About eight years after BlackRock CEO Larry Fink was quoted as saying the firm would "not do a bank loan ETF," a filing with the Securities and Exchange Commission indicates it's getting ready to launch one.
BlackRock, the world's largest asset manager, plans to offer the BlackRock Floating Rate Loan ETF, according to a July 15 filing with the SEC. The fund is expected to typically invest at least 80% of its assets in floating-rate loans and investments that are the economic equivalent of such loans, the filing said.

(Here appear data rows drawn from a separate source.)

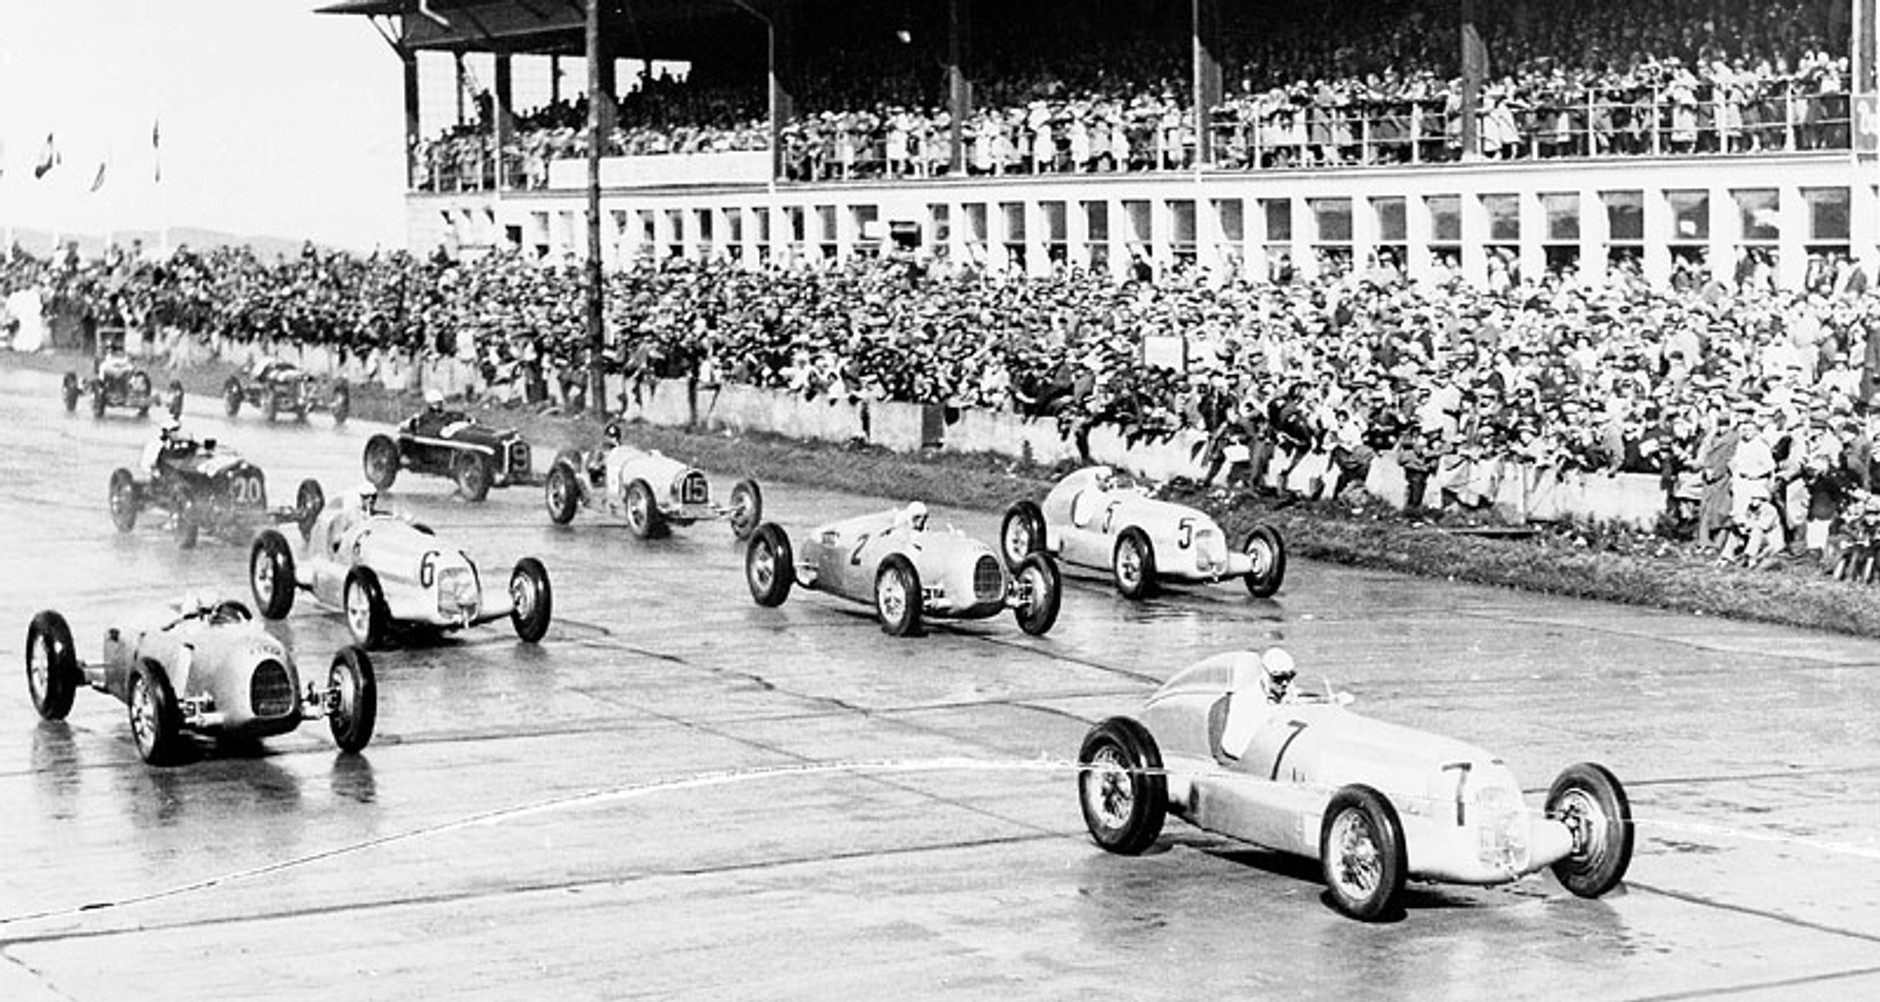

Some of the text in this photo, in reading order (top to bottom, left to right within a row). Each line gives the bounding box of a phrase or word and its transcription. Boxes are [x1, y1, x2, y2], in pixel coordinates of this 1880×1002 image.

[512, 444, 528, 471] 9
[234, 477, 261, 502] 20
[686, 477, 706, 501] 15
[1179, 517, 1196, 549] 5
[851, 533, 869, 566] 2
[420, 550, 440, 589] 6
[1270, 720, 1308, 781] 7
[1442, 762, 1472, 826] 7

Included among the things in which the fund might potentially invest are senior secured floating-rate loans or debt as well as second lien or other subordinated or unsecured floating-rate loans or debt, the filing said.

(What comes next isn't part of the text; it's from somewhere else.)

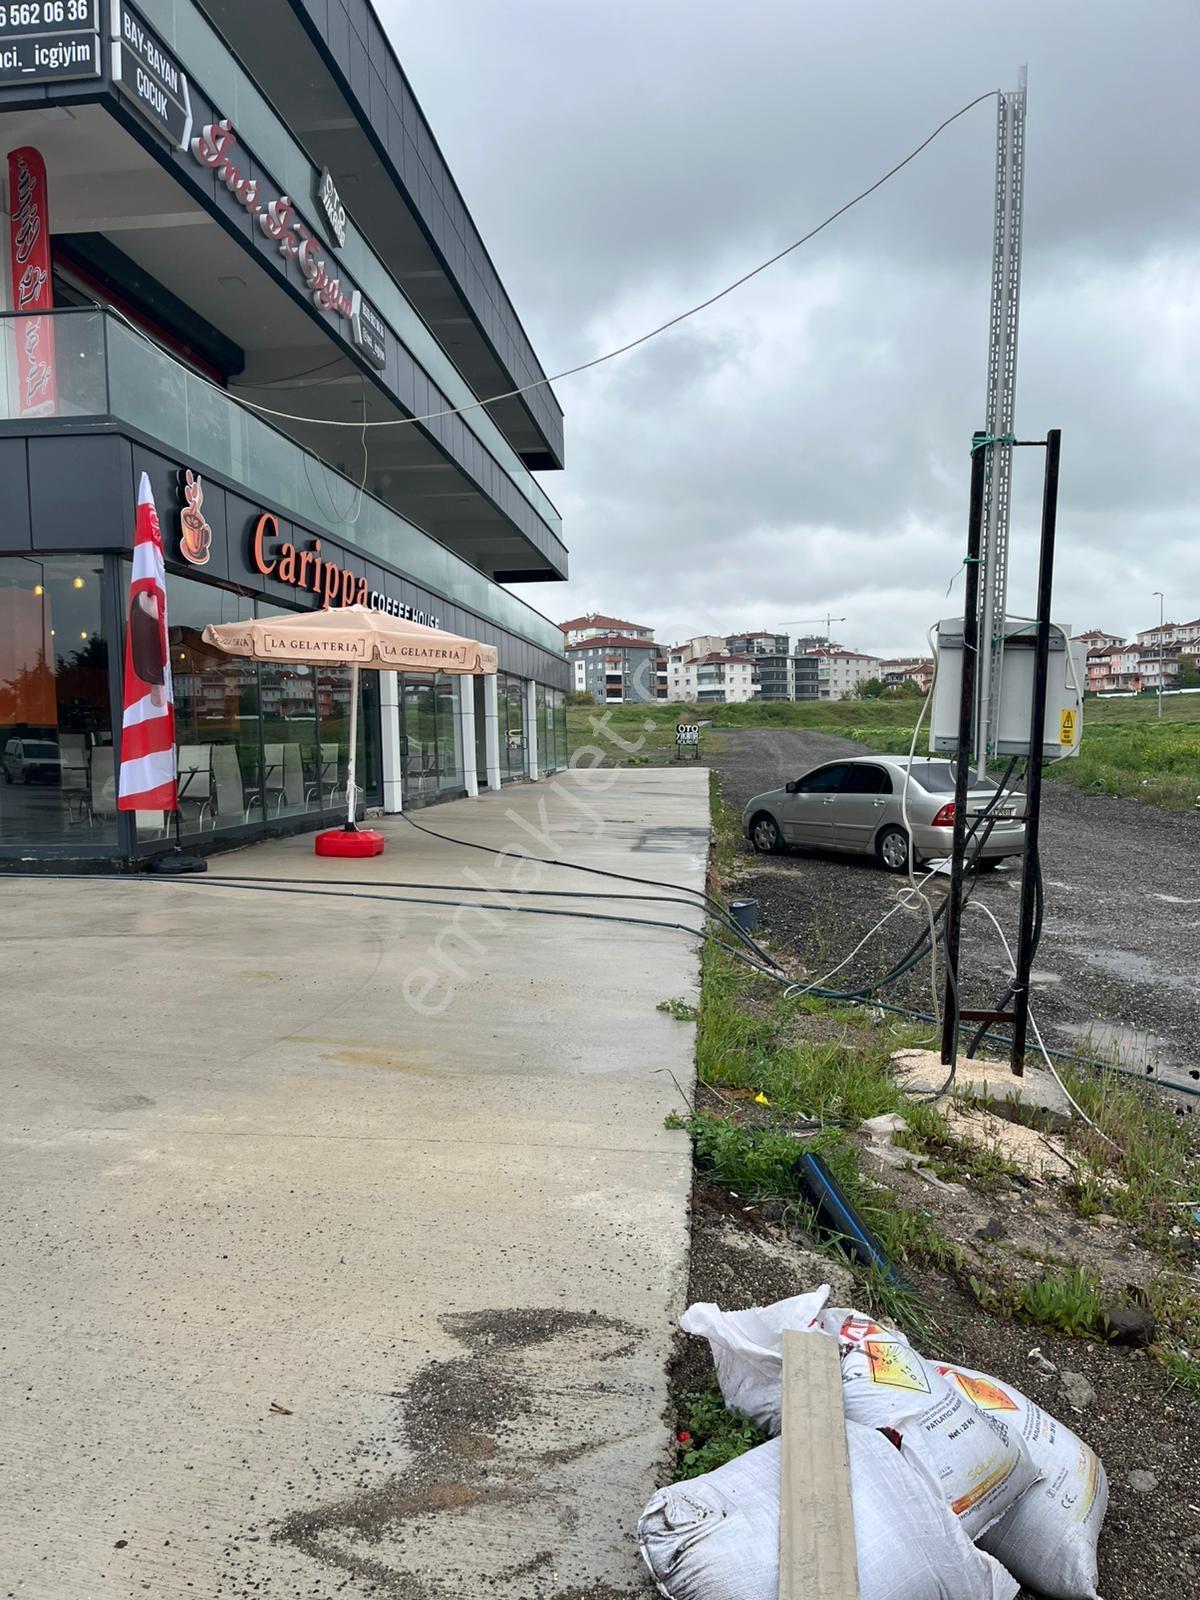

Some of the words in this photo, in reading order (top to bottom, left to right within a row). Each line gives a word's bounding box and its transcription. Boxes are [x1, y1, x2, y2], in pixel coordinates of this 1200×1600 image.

"Given BlackRock's scale, they could competitively price this relative to SRLN," said Todd Rosenbluth, head of research at VettaFi, a data and analytics provider, referring to State Street Global Advisors' SPDR Blackstone Senior Loan ETF by its ticker symbol.
With assets totaling $8.1 billion, the SPDR Blackstone Senior Loan ETF ranked as the biggest bank loan ETF in VettaFi's database as of Monday. The fund, launched in 2013, has a 0.7% gross expense ratio, according to SSGA's website.
The filing for the planned BlackRock ETF did not show an expense ratio.
In an April report, Mr. Rosenbluth predicted that BlackRock was setting the stage to launch an active senior loan ETF of its own. He cited a BlackRock report titled "An evolution of the U.S. floating-rate bank loan market," which referenced ETFs.